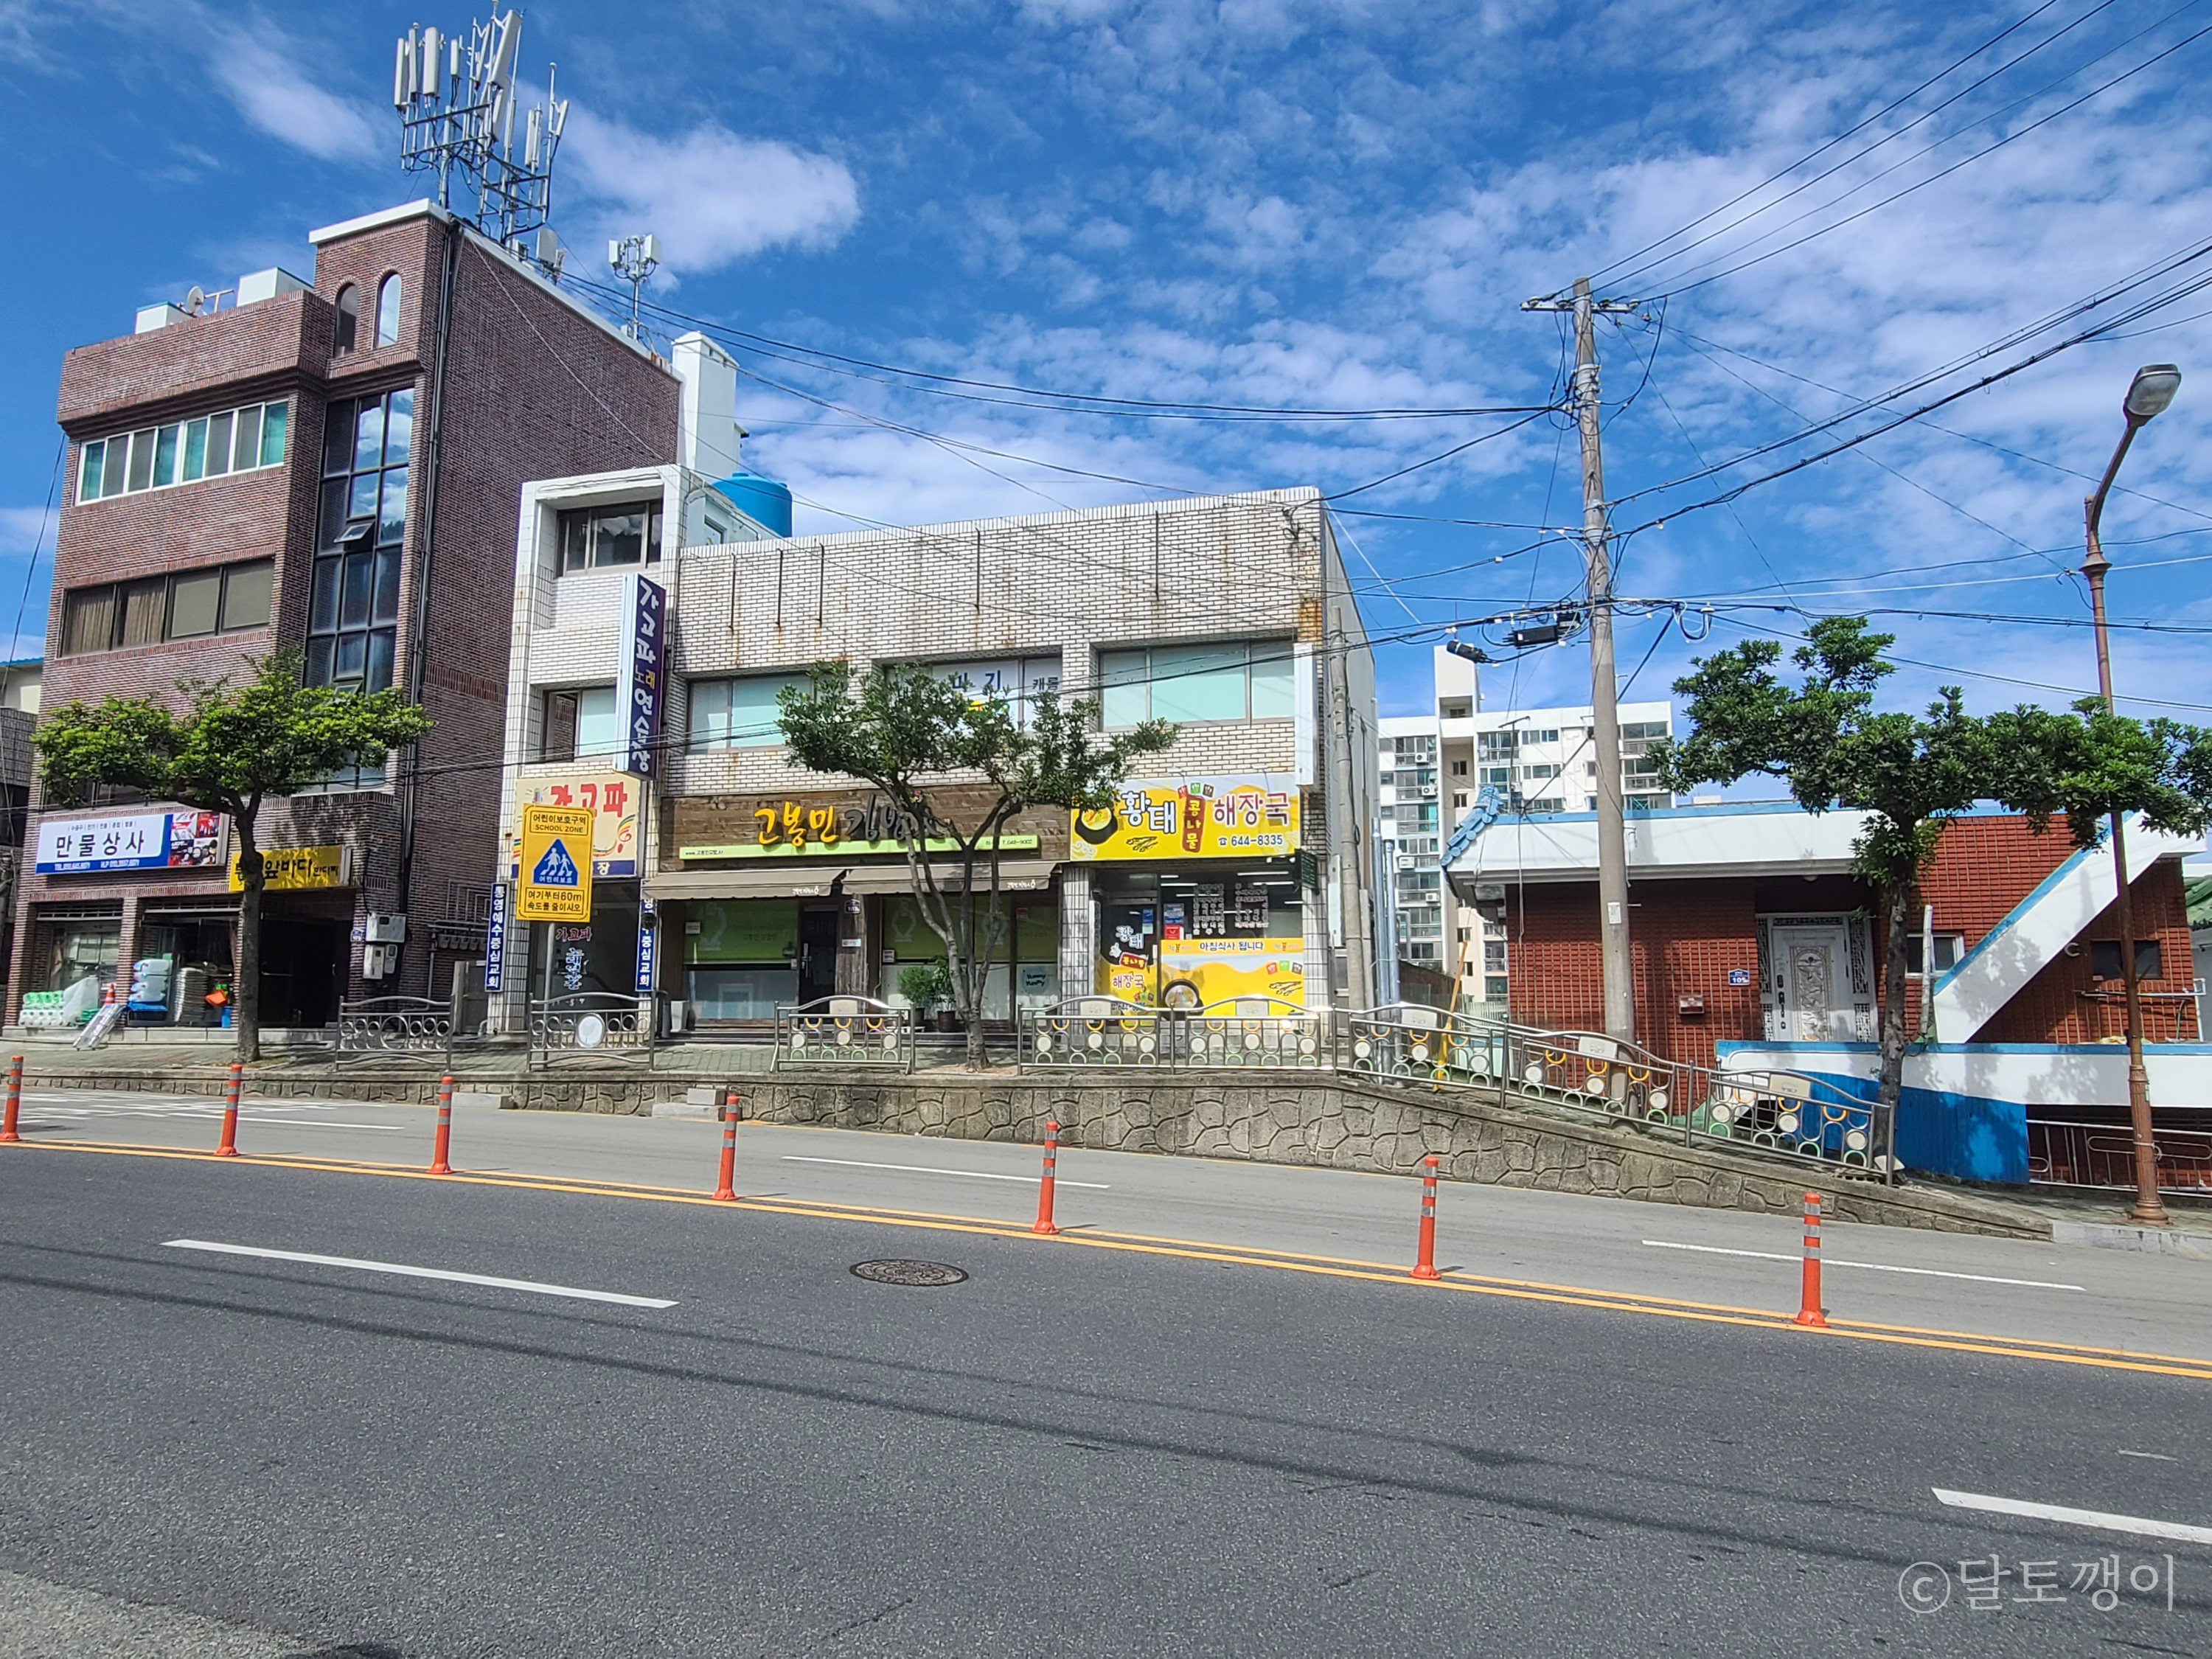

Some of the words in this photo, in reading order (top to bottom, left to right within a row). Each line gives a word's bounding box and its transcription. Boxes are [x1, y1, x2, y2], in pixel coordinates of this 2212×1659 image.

[636, 580, 659, 664] 가고파
[533, 813, 586, 825] 어린이보호구역
[1119, 790, 1176, 835] 황태
[1186, 799, 1202, 849] 콩나물
[1214, 793, 1290, 827] 해장국
[535, 824, 563, 833] SCHOOL
[56, 830, 145, 858] 만물상사
[1231, 835, 1283, 846] 644-8335
[539, 875, 573, 884] 어린이보호
[527, 902, 550, 911] 속도를
[552, 902, 581, 912] 줄이시오
[487, 886, 505, 989] 통영예수중심교회
[555, 926, 592, 942] 가고파
[1115, 925, 1144, 950] 황태
[1199, 942, 1235, 950] 아침식사
[1238, 941, 1264, 950] 됩니다
[1112, 973, 1144, 990] 해장국
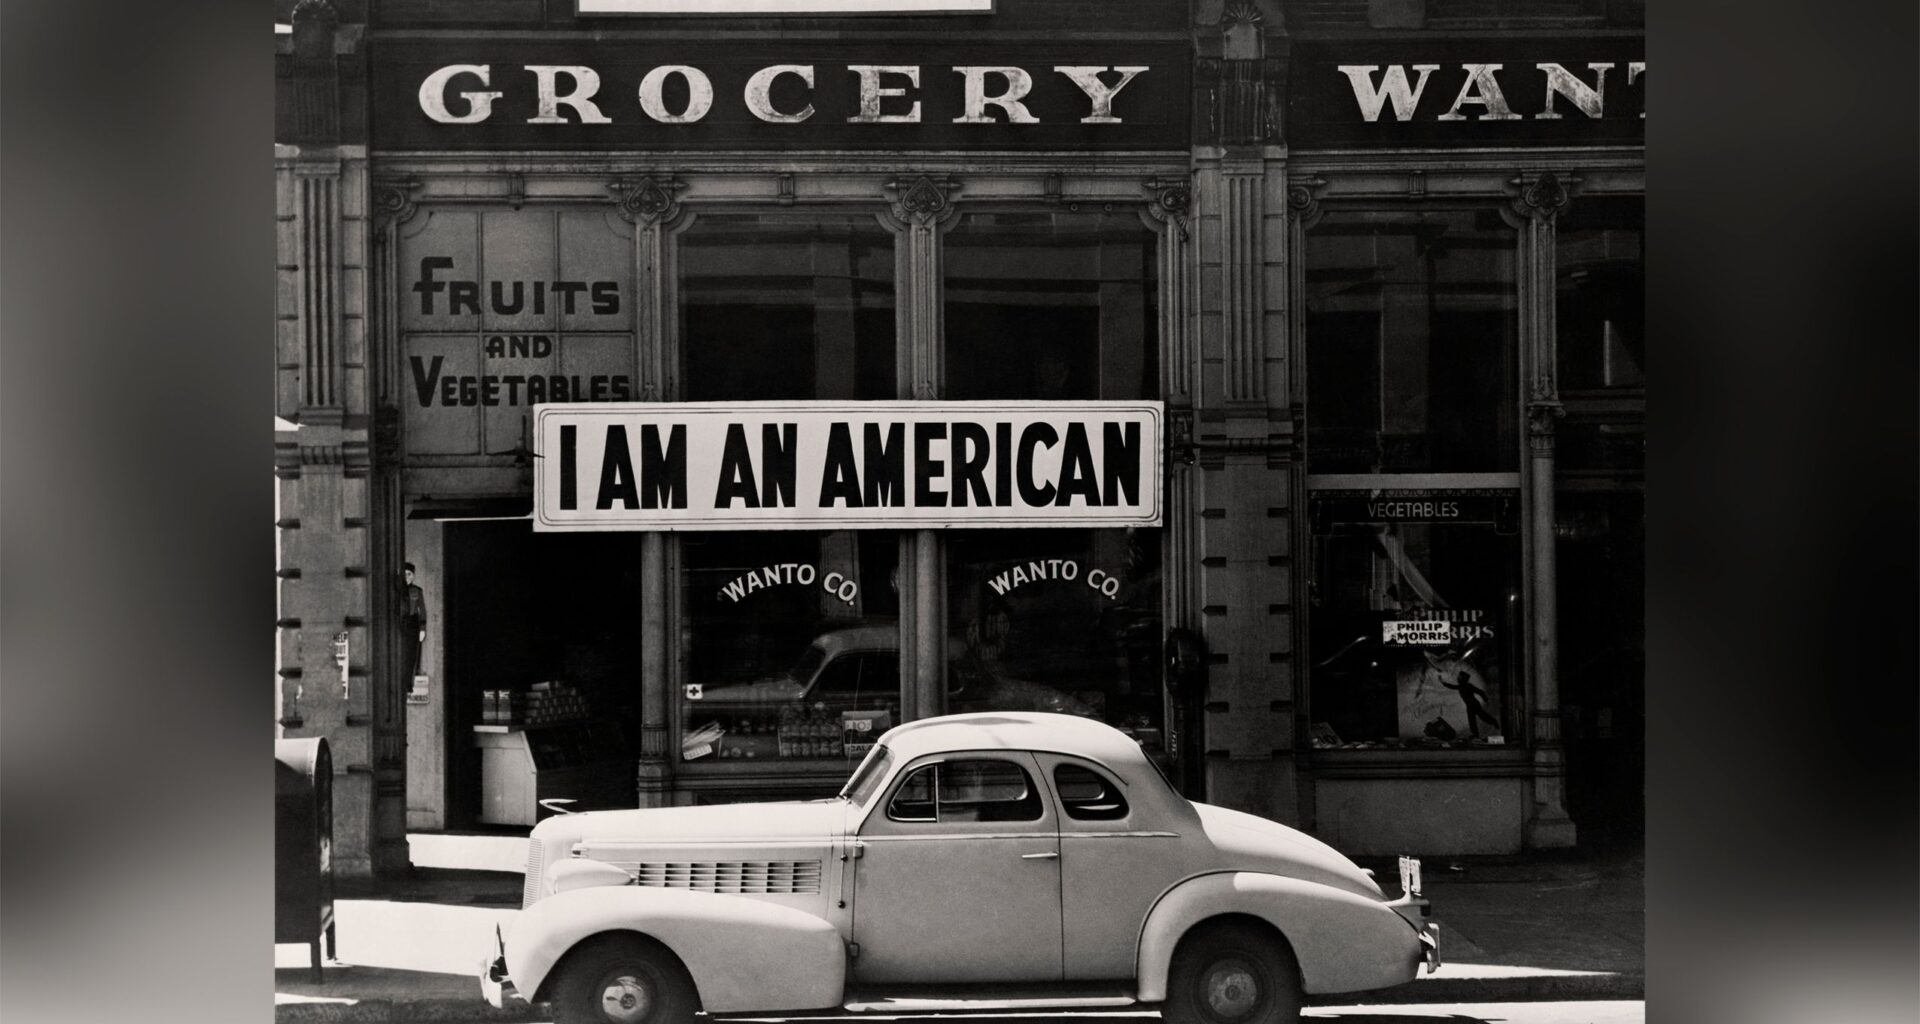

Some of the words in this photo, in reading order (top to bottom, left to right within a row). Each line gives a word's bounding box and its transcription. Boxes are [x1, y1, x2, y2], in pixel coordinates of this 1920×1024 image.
○ ○ ○ ○
* [Work instructions]:
Restate every line of the data above word for word, with the images removed.

* [Solution to the problem]:
Some of the words in this photo, in reading order (top to bottom, left to right within a row). Each line gives a word's bounding box and its transcription. Boxes are [x1, y1, x2, y2], in pixel coordinates of this 2212×1659 image.

[636, 580, 659, 664] 가고파
[533, 813, 586, 825] 어린이보호구역
[1119, 790, 1176, 835] 황태
[1186, 799, 1202, 849] 콩나물
[1214, 793, 1290, 827] 해장국
[535, 824, 563, 833] SCHOOL
[56, 830, 145, 858] 만물상사
[1231, 835, 1283, 846] 644-8335
[539, 875, 573, 884] 어린이보호
[527, 902, 550, 911] 속도를
[552, 902, 581, 912] 줄이시오
[487, 886, 505, 989] 통영예수중심교회
[555, 926, 592, 942] 가고파
[1115, 925, 1144, 950] 황태
[1199, 942, 1235, 950] 아침식사
[1238, 941, 1264, 950] 됩니다
[1112, 973, 1144, 990] 해장국

Some of the words in this photo, in reading order (top to bottom, left to right within a row). Each line gives a word's bounding box and its transcription. Boxes are [x1, y1, x2, y2], in pixel coordinates of this 1920×1024 image.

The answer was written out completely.